Did you grow weary in "well doing"?

by compound complex 15 Replies latest jw friends

  • Magnum
    Magnum

    I was beyond weary; I was at times literally miserable. I always likened it to Christ's hanging on the torture stake; he was miserable, but he wanted to do it because he was accomplishing good. I was so miserable on the treadmill that I actually liked it when, for example, there was a natural disaster (or potential one) that broke the routine for a few days.

    I guess one problem for me is that the JW routine is not the type that fits me personally. I like to do deep research and to have the time and opportunity to ask questions and really ponder and analyze. The JW routine didn't allow me to do that. It just spewed fluff at me faster than I could read it and kept me from doing the type of study, reading, research, etc. that I wanted to do. Now that I look back, I realize that was probably intentional on the part of the org. I was kept ignorant all those years. I didn't realize at the time that I was being kept ignorant; I thought I was a Bible scholar. However, I am well aware now of my ignorance. I feel so overwhelmed that I don't even know where to start in satisfying my desire to really study the Bible (history, archaelogy, authorship, canon, etc.).

    When I was on the treadmill, I felt that I spent a lot of time working on meeting parts, but that most of it was not beneficial to me. A lot of the time was spent, for example, just trying to make a certain part fit an alloted time period, or preferrably end about fifteen seconds shy of the allotment. So much of it was not really substantive.

    I could never get caught up. I always felt that no matter what I did, I was still behind; there was always something else to do - another mag to read or whatever. And, the irony is that, as has already been mentioned, this treadmill running actually kept me from accomplishing good, and it put me in the financial position I'm in now - one that allows me little time or energy and few resources to use to help others or make a positive impact on the world.

  • compound complex
    compound complex

    Greetings, Magnum:

    I'm glad I saw your post before heading out the door. Thank you so much.

    Will be considering a reply to your heartrending commentary on the life we all endured. I, too, love study and looked forward to meetings in order to share what I had learned, particularly from "All Scripture Is Inspired . . ." Nevertherless, so much was missing, but only now do I realize that.

    Good night.

    CoCo

  • Divergent
    Divergent

    Like CC, I really agree with your post, Magnum, and can relate to it very well as I have been there & done that myself countless times! 

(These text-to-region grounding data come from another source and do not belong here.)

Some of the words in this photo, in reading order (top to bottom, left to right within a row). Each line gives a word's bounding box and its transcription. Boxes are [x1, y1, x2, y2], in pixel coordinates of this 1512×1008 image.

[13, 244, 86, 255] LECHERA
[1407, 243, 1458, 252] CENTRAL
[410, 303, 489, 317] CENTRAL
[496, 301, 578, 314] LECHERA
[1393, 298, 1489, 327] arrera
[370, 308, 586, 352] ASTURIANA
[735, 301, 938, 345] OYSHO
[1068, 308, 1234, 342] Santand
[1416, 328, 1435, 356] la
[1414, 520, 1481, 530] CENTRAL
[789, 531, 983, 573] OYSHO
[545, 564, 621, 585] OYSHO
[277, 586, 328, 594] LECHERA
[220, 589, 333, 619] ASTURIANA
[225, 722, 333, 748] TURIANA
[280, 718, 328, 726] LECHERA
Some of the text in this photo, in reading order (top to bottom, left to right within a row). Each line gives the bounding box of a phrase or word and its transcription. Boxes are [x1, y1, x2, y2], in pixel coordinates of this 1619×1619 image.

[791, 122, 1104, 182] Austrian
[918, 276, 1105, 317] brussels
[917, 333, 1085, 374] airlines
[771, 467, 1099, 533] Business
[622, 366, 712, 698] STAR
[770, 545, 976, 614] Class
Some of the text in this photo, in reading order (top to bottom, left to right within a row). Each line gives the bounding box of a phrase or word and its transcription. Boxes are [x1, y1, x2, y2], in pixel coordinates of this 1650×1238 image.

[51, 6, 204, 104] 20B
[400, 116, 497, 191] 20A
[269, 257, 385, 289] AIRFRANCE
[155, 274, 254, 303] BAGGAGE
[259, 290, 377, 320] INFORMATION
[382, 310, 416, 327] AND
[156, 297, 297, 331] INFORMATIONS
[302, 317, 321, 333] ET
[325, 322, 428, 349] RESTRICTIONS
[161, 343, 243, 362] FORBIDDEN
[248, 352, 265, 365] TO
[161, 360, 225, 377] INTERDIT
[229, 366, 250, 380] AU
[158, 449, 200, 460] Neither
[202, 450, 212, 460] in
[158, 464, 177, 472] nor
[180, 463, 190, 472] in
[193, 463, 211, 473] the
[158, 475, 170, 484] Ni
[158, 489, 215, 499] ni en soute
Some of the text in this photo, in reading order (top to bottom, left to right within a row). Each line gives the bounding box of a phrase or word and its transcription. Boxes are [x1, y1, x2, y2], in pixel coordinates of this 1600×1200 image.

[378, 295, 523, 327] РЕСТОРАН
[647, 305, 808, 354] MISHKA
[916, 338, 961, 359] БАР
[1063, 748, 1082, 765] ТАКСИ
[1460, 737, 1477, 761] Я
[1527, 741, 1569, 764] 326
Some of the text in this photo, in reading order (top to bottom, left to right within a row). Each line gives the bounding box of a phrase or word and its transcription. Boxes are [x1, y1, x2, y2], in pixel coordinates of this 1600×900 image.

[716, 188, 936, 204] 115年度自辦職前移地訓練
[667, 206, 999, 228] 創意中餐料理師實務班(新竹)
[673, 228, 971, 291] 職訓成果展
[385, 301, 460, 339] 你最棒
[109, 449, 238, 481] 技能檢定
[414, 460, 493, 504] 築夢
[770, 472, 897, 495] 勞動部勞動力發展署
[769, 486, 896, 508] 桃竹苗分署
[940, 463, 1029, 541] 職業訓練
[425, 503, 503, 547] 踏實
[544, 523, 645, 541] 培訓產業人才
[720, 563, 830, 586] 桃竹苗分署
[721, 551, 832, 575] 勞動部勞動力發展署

    The problem is, very little of what we do is actually wholehearted or heartfelt. We give a talk or deliver a meeting part not because we want to, but because we HAVE to. All the topics are assigned to us with our having to refer to WT publications as the basis for our parts, and since we are NOT able to choose the topic nor have the choice of selecting the reference material and have to stick to a fixed outline on top of that AND did not even volunteer to do it in the first place, the end result was usually a boring & dry talk with a lack of quality, heartfeltness, & sincerity. Many who deliver talks & meeting parts just do it for the sake of doing it just because they have to & they simply can't wait to get it over with. Assignments are usually viewed as burdens & those who are chosen to deliver them (or have the "privilege" of delivering the part, as some would say) often fail to motivate the weary audience as they are weary themselves!

  • compound complex
    compound complex

    Thank you, Just Kidding, for covering the bases so thoroughly.

    It always amazes me how another -- in this case, YOU! -- can express so eloquently what we are thinking, but in a somewhat jumbled manner.

    Gratefully,

    CoCo

  • rebel8
    rebel8
    We really didn't do a lot of good for others. Our time was spent doing things to avoid the lightning bolt, such as preaching and studying.
  • compound complex
    compound complex

    I agree, rebel8.

    I used to feel that what you said was an expression of negativity, a result of either my own low spirits or the fleshly thinking of bad-attitude brothers. Well, I know better now, don't I?

    I appreciate your contribution to the discussion.

    CoCo, evading the lightning (gee, where are those apropos emoticons?!?!?)